Oussama Atar était bien l’émir du groupe, le commanditaire des attentats commis le 22 mars 2016 à Bruxelles, ont affirmé les enquêteurs jeudi matin devant la cour d’assises de Bruxelles, poursuivant un exposé entamé la veille. La cour a ensuite entamé la session de questions/réponses entre les parties civiles et les premiers intervenants qui ont porté secours aux victimes de Zaventem et Maelbeek.

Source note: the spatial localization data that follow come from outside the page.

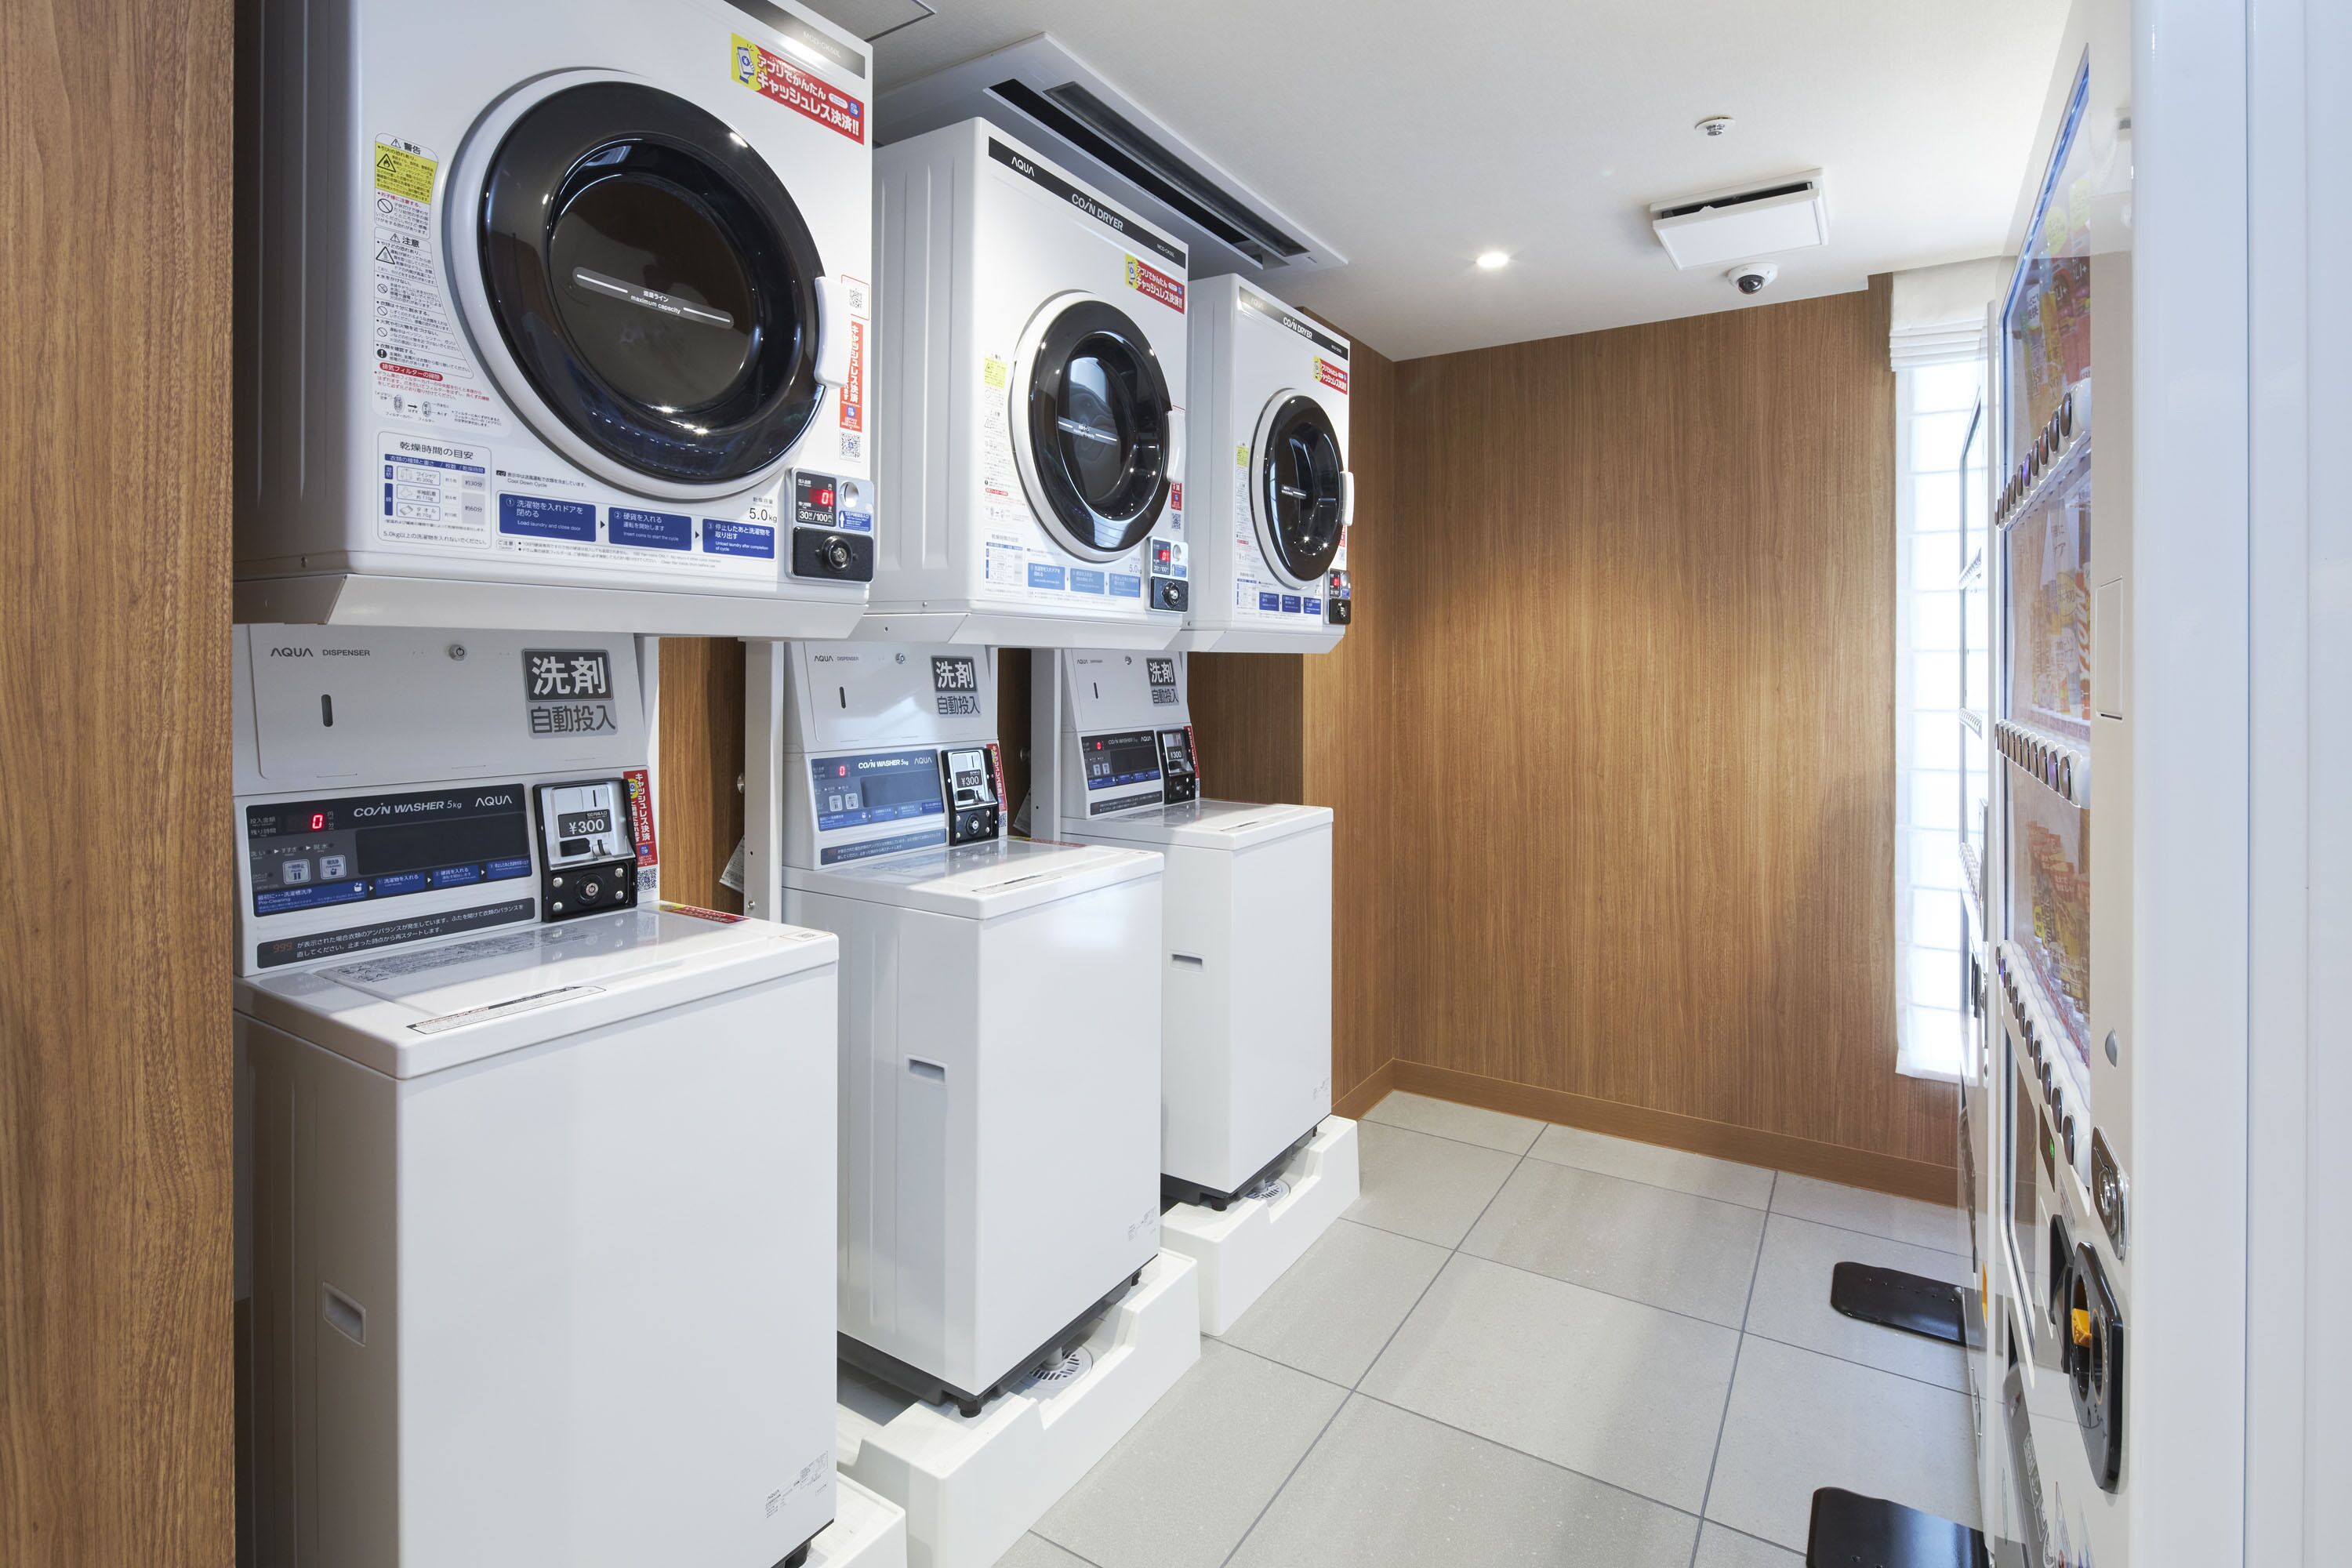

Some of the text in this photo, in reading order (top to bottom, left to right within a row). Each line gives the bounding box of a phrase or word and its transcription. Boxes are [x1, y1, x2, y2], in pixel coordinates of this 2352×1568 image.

[757, 53, 827, 100] アプリでかんたん
[757, 71, 860, 137] キャッシュレス決済!!
[403, 142, 421, 155] 警告
[1011, 156, 1035, 176] AQUA
[1097, 207, 1123, 231] DRYER
[402, 236, 420, 249] 注意
[1137, 265, 1168, 289] アプリでかんたん
[630, 295, 681, 314] maximum capacity
[1297, 325, 1312, 339] DRYER
[400, 441, 474, 460] 乾燥時間の目安
[416, 470, 437, 479] ワイシャツ
[464, 479, 483, 488] 約30分
[821, 492, 829, 505] 0
[516, 499, 583, 514] 洗濯物を入れドアを
[516, 508, 539, 518] 閉める
[623, 512, 662, 524] 硬貨を入れる
[749, 507, 778, 523] 5.0kg
[623, 521, 665, 532] 運転を開始します
[715, 524, 771, 536] 停止したあと洗濯物を
[383, 530, 488, 546] 5.0kg以上の洗濯物を入れないでください。
[715, 532, 738, 540] 取り出す
[270, 647, 314, 658] AQUA
[531, 655, 608, 695] 洗剤
[935, 661, 975, 689] 洗剤
[1149, 662, 1174, 684] 洗剤
[1151, 688, 1179, 704] 自動投入
[936, 695, 981, 715] 自動投入
[530, 705, 616, 734] 自動投入
[838, 765, 846, 776] 0
[876, 759, 901, 768] WASHER
[961, 775, 979, 786] ¥300
[394, 800, 445, 813] WASHER
[446, 800, 462, 809] 5kg
[475, 795, 513, 808] AQUA
[634, 772, 651, 841] キャッシュレス決済
[311, 814, 324, 829] 0
[568, 818, 605, 835] ¥300
[383, 874, 419, 884] 洗濯物を入れる
[441, 867, 470, 876] 硬貨を入れる
[272, 903, 524, 953] 999 が表示された場合衣類のアンバランスが発生しています。ふたを開けて衣類のバランスを
[296, 927, 444, 958] 直してください。止まった時点から再スタートします。
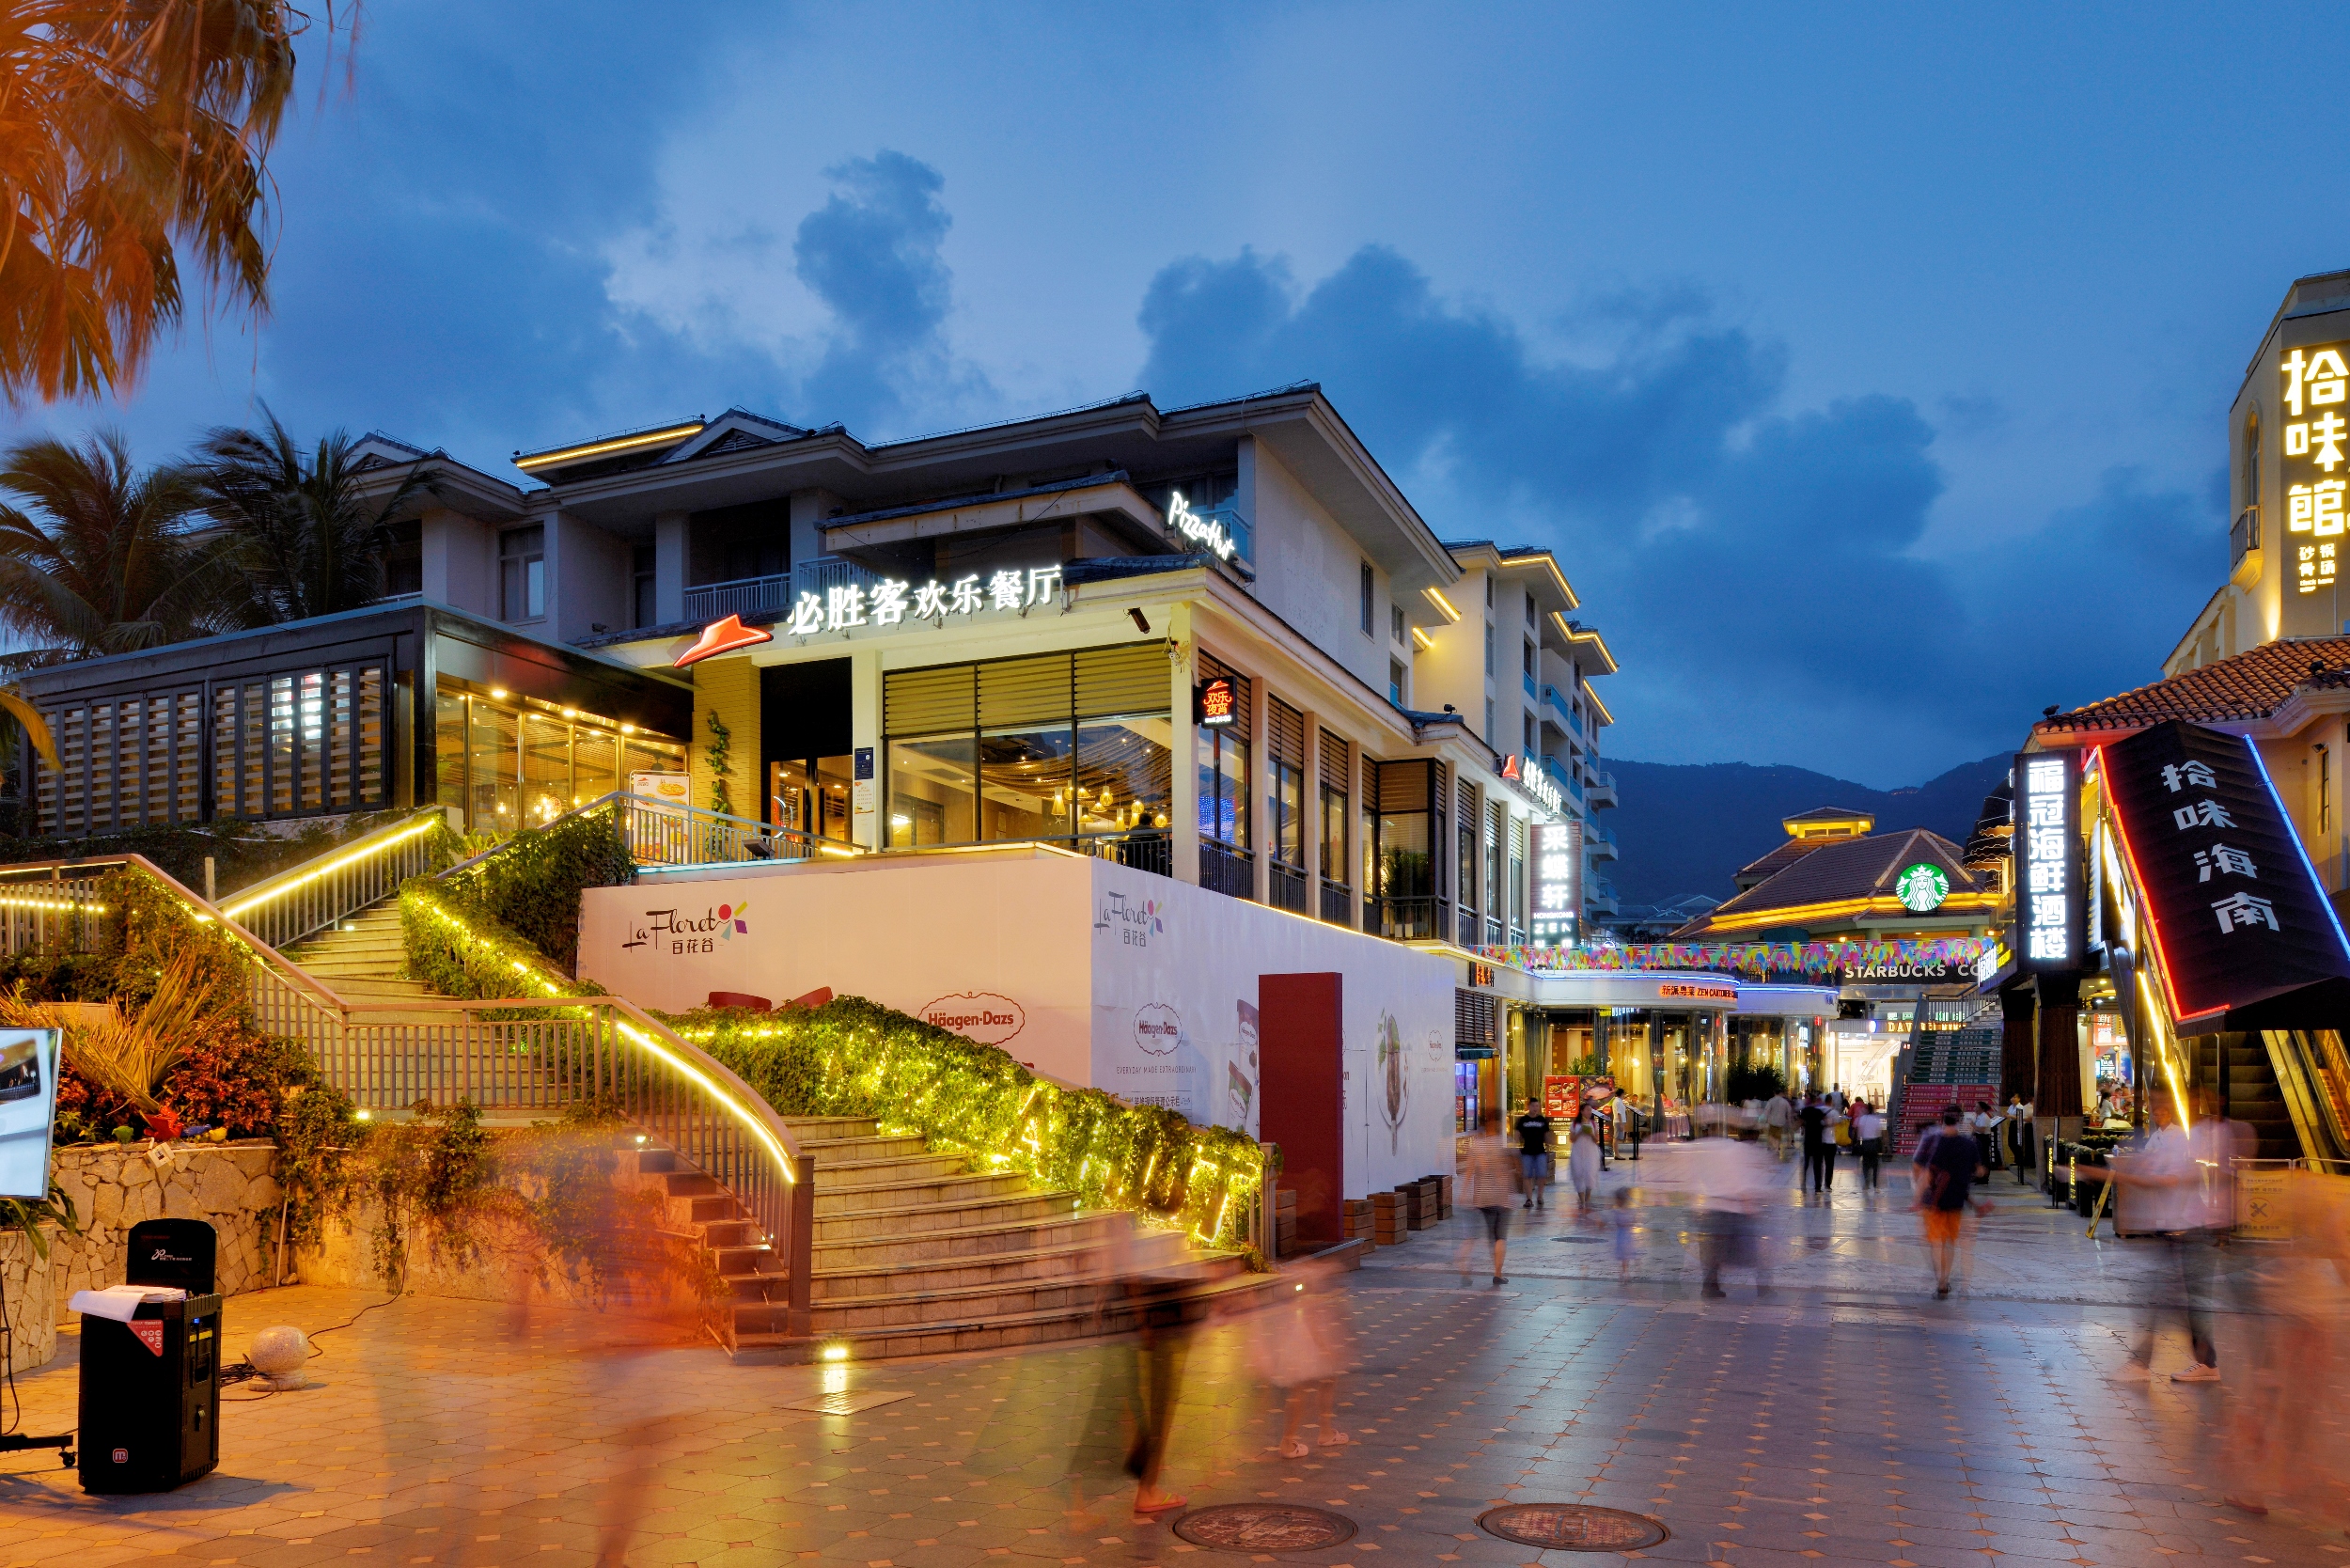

Revoir | Procès des attentats de Bruxelles : les enquêteurs font le portrait de Sofien Ayari, Salah Abdeslam et Oussama Atar

L’accusé, présumé mort en Syrie, avait intégré une brigade d’élite au sein de l’Etat islamique, la “Liwa as Saddiq (également appelée “Abu Bakr as Saddiq”), ont d’abord retracé les enquêteurs et juges d’instruction. Créée en 2014 par Abou Mohamed al-Adnani et composée de combattants étrangers (Najim Laachraoui et Osama krayem en faisaient semble-t-il également partie), cette cellule opérait sous la tutelle Oussama Atar pour diriger certaines opérations. On lui attribue notamment l’organisation d’attentats terroristes. Quelques-uns de ses membres sont apparus dans des vidéos montrant l’exécution d’otages occidentaux.

En parallèle, il a été mis en évidence qu’Oussama Attar faisait également partie de la Copex, le bureau des opérations extérieures de l’EI. “Sachant la Liwa as Saddq et la Copex, également dirigée par Abou Mohamed Al-Adnani, entretenaient sans soute des liens“, ont souligné les enquêteurs. C’est par le biais de cette structure qu’Oussama Atar va recruter plusieurs membres pour exécuter des missions en Europe. Il est soupçonné par les enquêteurs d’avoir été le lien entre les “entités” de Molenbeek et de Laeken, qui ne se connaissaient pas et donc d’avoir créé la cellule bruxelloise au sens large.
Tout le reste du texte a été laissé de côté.